* _What you need to do_: The records below are to be quoted in full; please keep every word exact.
========================
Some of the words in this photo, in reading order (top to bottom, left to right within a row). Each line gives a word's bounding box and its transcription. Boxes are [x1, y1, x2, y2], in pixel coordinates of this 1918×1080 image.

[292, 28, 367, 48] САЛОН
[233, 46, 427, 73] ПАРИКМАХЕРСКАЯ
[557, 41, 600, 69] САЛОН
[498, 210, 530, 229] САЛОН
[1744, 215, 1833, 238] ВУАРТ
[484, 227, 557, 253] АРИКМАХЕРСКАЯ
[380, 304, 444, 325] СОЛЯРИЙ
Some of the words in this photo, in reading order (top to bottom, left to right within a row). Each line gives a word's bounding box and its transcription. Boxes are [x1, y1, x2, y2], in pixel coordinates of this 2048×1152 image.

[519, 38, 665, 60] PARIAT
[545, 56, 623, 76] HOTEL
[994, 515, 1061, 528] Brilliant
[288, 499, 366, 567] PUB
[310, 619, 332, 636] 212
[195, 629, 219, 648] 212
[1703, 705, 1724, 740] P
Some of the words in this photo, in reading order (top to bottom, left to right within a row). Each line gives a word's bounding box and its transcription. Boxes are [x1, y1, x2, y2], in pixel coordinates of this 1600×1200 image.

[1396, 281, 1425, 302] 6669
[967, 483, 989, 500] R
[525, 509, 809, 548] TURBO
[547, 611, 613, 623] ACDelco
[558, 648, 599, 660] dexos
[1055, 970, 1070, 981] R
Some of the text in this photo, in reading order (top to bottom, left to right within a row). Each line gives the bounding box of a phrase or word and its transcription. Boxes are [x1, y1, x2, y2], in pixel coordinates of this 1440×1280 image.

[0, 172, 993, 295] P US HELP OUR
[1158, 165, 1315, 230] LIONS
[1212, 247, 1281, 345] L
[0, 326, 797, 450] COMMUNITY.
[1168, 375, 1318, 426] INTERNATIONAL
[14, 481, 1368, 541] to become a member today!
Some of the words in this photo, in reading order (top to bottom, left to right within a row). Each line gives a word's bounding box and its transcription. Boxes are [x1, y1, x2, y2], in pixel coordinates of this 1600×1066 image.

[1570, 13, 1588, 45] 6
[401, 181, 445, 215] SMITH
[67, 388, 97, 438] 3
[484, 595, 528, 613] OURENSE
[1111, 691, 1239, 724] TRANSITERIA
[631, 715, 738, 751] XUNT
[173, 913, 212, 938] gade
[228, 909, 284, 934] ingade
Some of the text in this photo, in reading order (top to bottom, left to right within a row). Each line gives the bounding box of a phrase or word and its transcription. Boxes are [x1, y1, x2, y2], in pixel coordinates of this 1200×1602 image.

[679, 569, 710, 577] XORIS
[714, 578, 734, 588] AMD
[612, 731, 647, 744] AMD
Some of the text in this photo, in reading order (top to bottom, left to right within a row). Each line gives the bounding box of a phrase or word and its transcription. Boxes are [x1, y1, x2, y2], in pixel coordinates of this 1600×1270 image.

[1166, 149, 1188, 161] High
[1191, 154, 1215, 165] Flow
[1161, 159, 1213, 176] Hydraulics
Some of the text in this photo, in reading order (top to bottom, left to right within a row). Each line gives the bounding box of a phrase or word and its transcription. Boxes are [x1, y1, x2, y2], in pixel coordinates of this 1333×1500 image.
========================
* _Answer box_:
Some of the words in this photo, in reading order (top to bottom, left to right within a row). Each line gives a word's bounding box and its transcription. Boxes are [x1, y1, x2, y2], in pixel coordinates of this 1918×1080 image.

[292, 28, 367, 48] САЛОН
[233, 46, 427, 73] ПАРИКМАХЕРСКАЯ
[557, 41, 600, 69] САЛОН
[498, 210, 530, 229] САЛОН
[1744, 215, 1833, 238] ВУАРТ
[484, 227, 557, 253] АРИКМАХЕРСКАЯ
[380, 304, 444, 325] СОЛЯРИЙ
Some of the words in this photo, in reading order (top to bottom, left to right within a row). Each line gives a word's bounding box and its transcription. Boxes are [x1, y1, x2, y2], in pixel coordinates of this 2048×1152 image.

[519, 38, 665, 60] PARIAT
[545, 56, 623, 76] HOTEL
[994, 515, 1061, 528] Brilliant
[288, 499, 366, 567] PUB
[310, 619, 332, 636] 212
[195, 629, 219, 648] 212
[1703, 705, 1724, 740] P
Some of the words in this photo, in reading order (top to bottom, left to right within a row). Each line gives a word's bounding box and its transcription. Boxes are [x1, y1, x2, y2], in pixel coordinates of this 1600×1200 image.

[1396, 281, 1425, 302] 6669
[967, 483, 989, 500] R
[525, 509, 809, 548] TURBO
[547, 611, 613, 623] ACDelco
[558, 648, 599, 660] dexos
[1055, 970, 1070, 981] R
Some of the text in this photo, in reading order (top to bottom, left to right within a row). Each line gives the bounding box of a phrase or word and its transcription. Boxes are [x1, y1, x2, y2], in pixel coordinates of this 1440×1280 image.

[0, 172, 993, 295] P US HELP OUR
[1158, 165, 1315, 230] LIONS
[1212, 247, 1281, 345] L
[0, 326, 797, 450] COMMUNITY.
[1168, 375, 1318, 426] INTERNATIONAL
[14, 481, 1368, 541] to become a member today!
Some of the words in this photo, in reading order (top to bottom, left to right within a row). Each line gives a word's bounding box and its transcription. Boxes are [x1, y1, x2, y2], in pixel coordinates of this 1600×1066 image.

[1570, 13, 1588, 45] 6
[401, 181, 445, 215] SMITH
[67, 388, 97, 438] 3
[484, 595, 528, 613] OURENSE
[1111, 691, 1239, 724] TRANSITERIA
[631, 715, 738, 751] XUNT
[173, 913, 212, 938] gade
[228, 909, 284, 934] ingade
Some of the text in this photo, in reading order (top to bottom, left to right within a row). Each line gives the bounding box of a phrase or word and its transcription. Boxes are [x1, y1, x2, y2], in pixel coordinates of this 1200×1602 image.

[679, 569, 710, 577] XORIS
[714, 578, 734, 588] AMD
[612, 731, 647, 744] AMD
Some of the text in this photo, in reading order (top to bottom, left to right within a row). Each line gives the bounding box of a phrase or word and its transcription. Boxes are [x1, y1, x2, y2], in pixel coordinates of this 1600×1270 image.

[1166, 149, 1188, 161] High
[1191, 154, 1215, 165] Flow
[1161, 159, 1213, 176] Hydraulics
Some of the text in this photo, in reading order (top to bottom, left to right within a row). Each line gives the bounding box of a phrase or word and its transcription. Boxes are [x1, y1, x2, y2], in pixel coordinates of this 1333×1500 image.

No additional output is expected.